_WORK TO COMPLETE:_ Quote every line below exactly and skip any picture.

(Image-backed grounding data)
◇ ◇ ◇
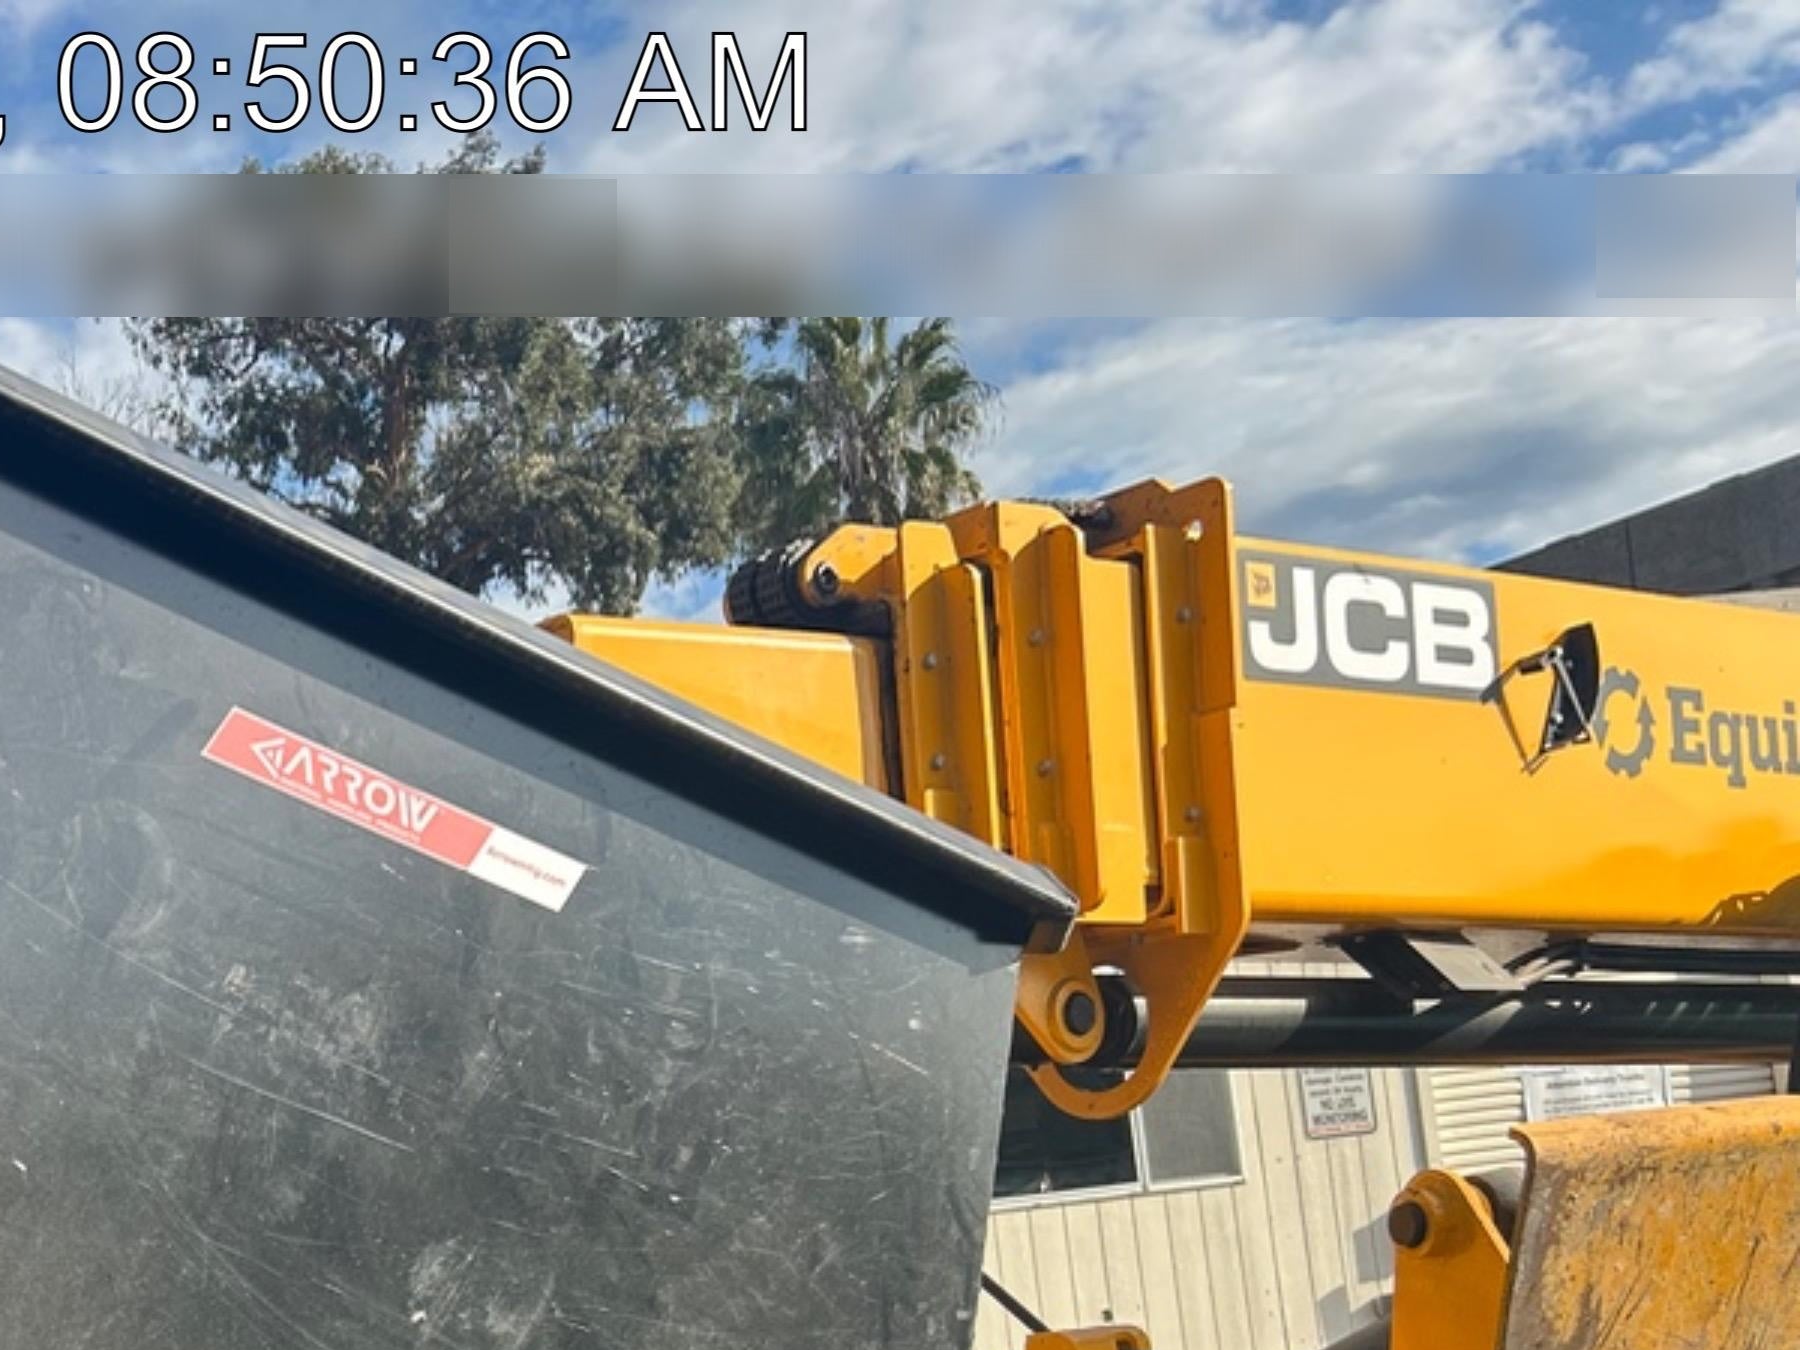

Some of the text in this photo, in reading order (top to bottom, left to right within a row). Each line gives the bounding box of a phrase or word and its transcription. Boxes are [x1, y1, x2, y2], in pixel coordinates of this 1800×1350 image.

[1247, 566, 1496, 690] JCB
[282, 745, 441, 833] ARROW
[1665, 686, 1800, 789] Equi
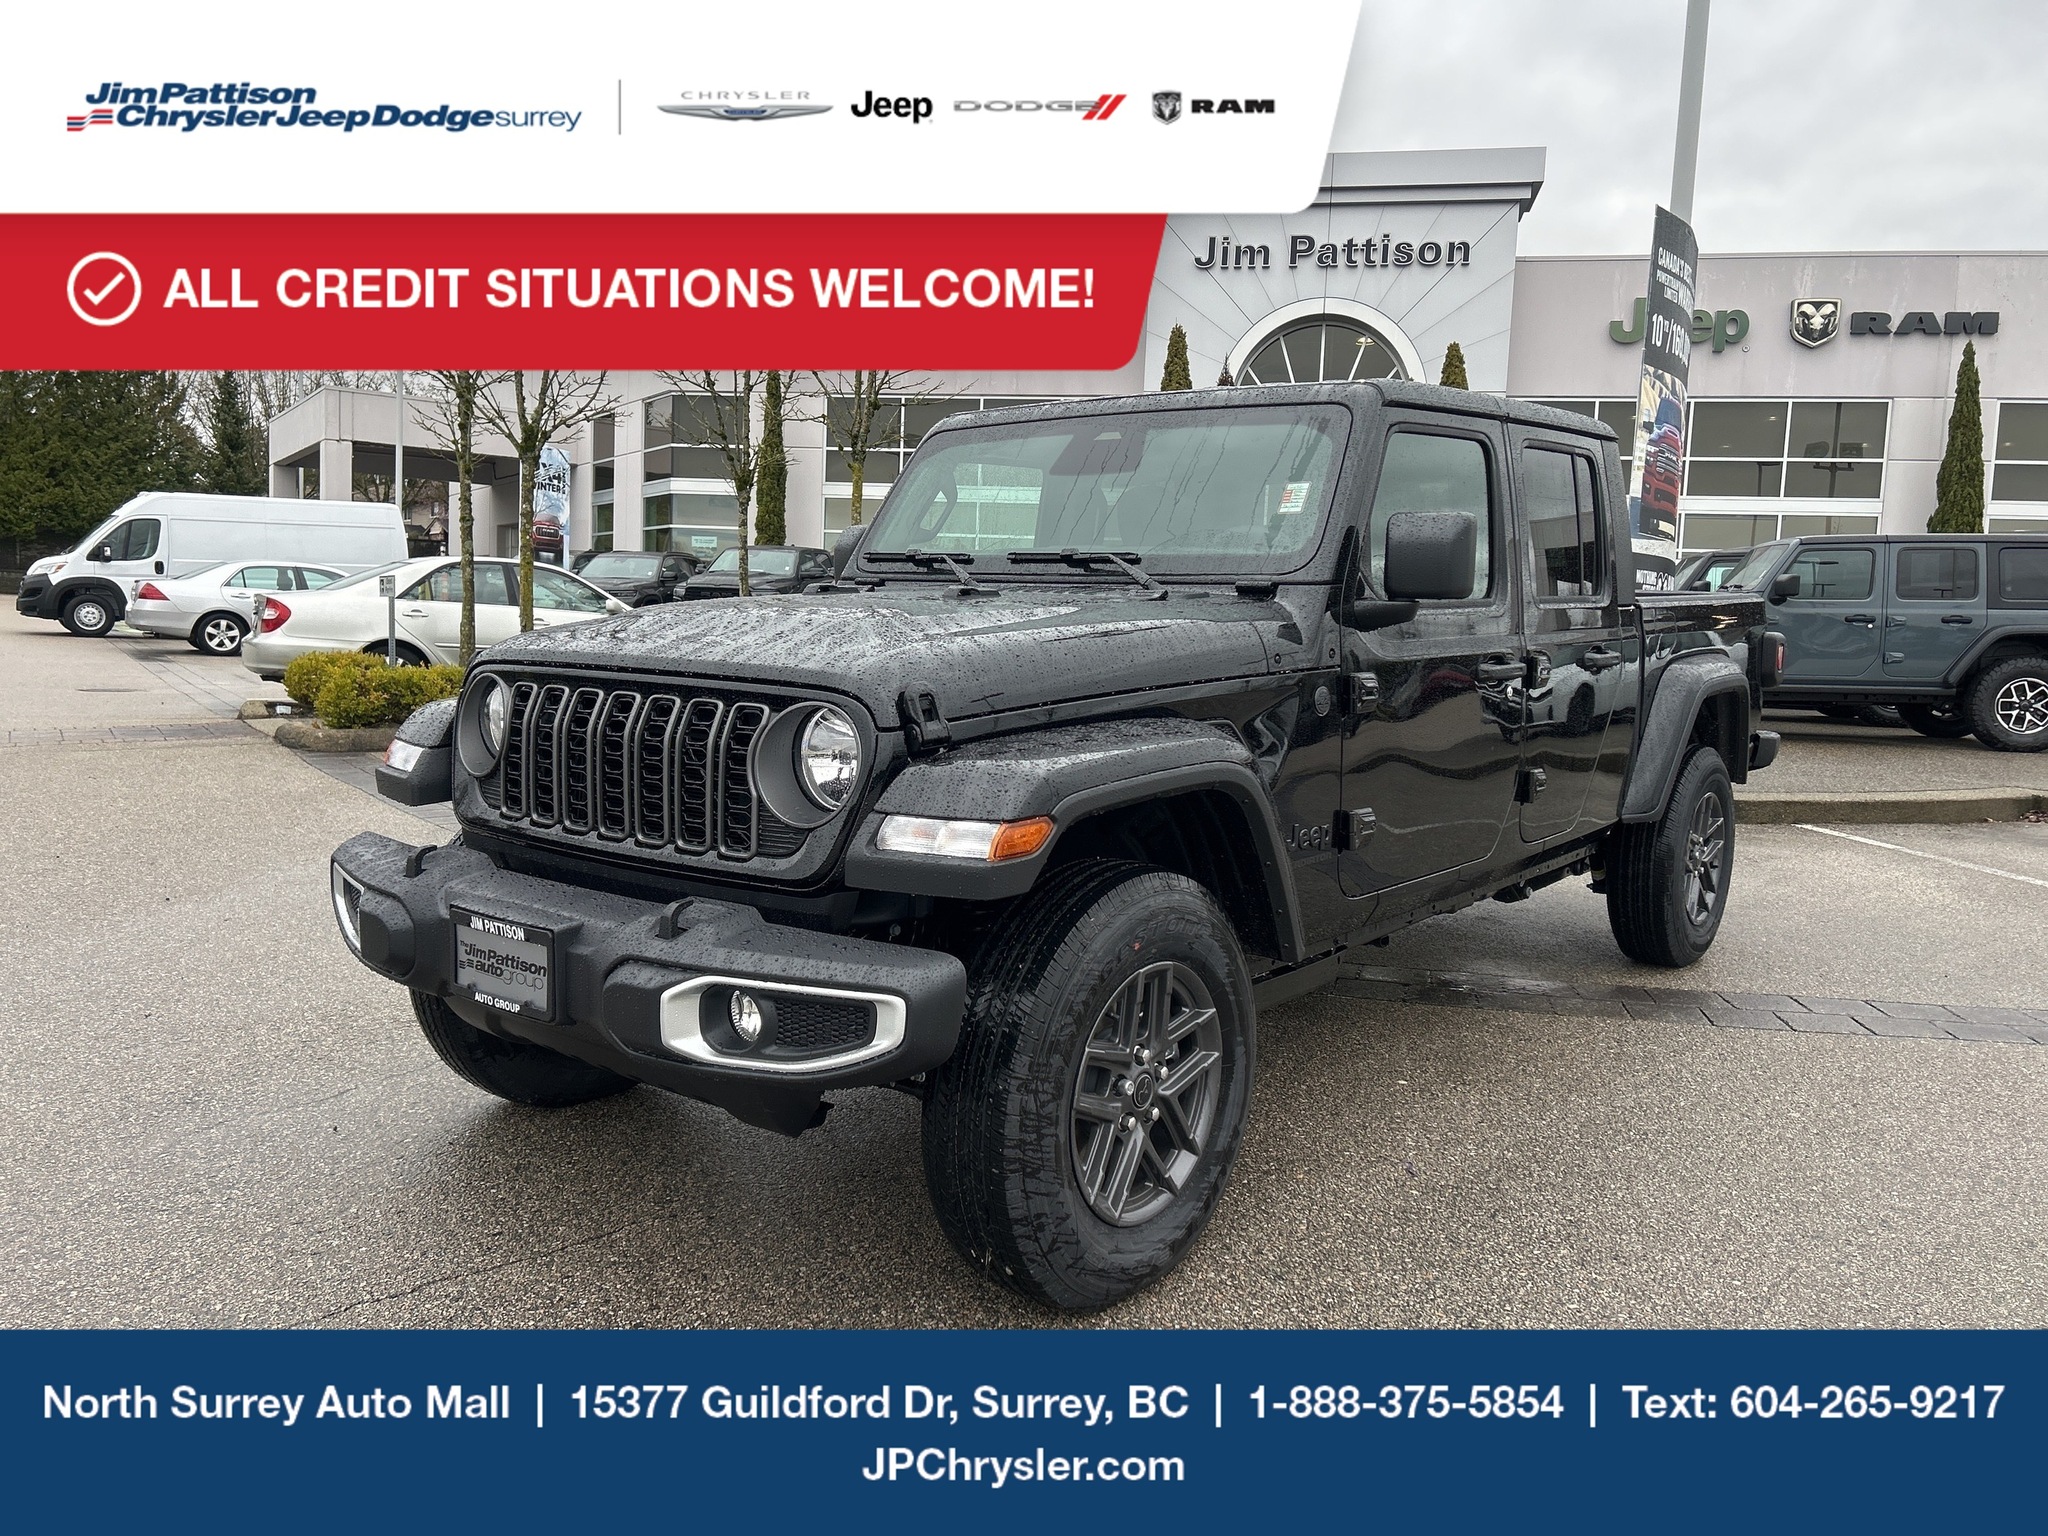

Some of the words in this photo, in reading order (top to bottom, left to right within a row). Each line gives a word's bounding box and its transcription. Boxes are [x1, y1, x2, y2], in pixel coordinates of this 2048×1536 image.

[1194, 236, 1271, 269] Jim
[1288, 232, 1472, 269] Pattison
[1608, 296, 1750, 354] Jep
[1849, 311, 2000, 335] RAM
[536, 481, 561, 494] INTER
[470, 915, 484, 931] JIM
[484, 919, 525, 941] PATTISON
[474, 991, 494, 1006] AUTO
[494, 998, 521, 1014] GROUP
◇ ◇ ◇
_TASK ANSWER:_
Some of the text in this photo, in reading order (top to bottom, left to right within a row). Each line gives the bounding box of a phrase or word and its transcription. Boxes are [x1, y1, x2, y2], in pixel coordinates of this 1800×1350 image.

[1247, 566, 1496, 690] JCB
[282, 745, 441, 833] ARROW
[1665, 686, 1800, 789] Equi

Some of the words in this photo, in reading order (top to bottom, left to right within a row). Each line gives a word's bounding box and its transcription. Boxes are [x1, y1, x2, y2], in pixel coordinates of this 2048×1536 image.

[1194, 236, 1271, 269] Jim
[1288, 232, 1472, 269] Pattison
[1608, 296, 1750, 354] Jep
[1849, 311, 2000, 335] RAM
[536, 481, 561, 494] INTER
[470, 915, 484, 931] JIM
[484, 919, 525, 941] PATTISON
[474, 991, 494, 1006] AUTO
[494, 998, 521, 1014] GROUP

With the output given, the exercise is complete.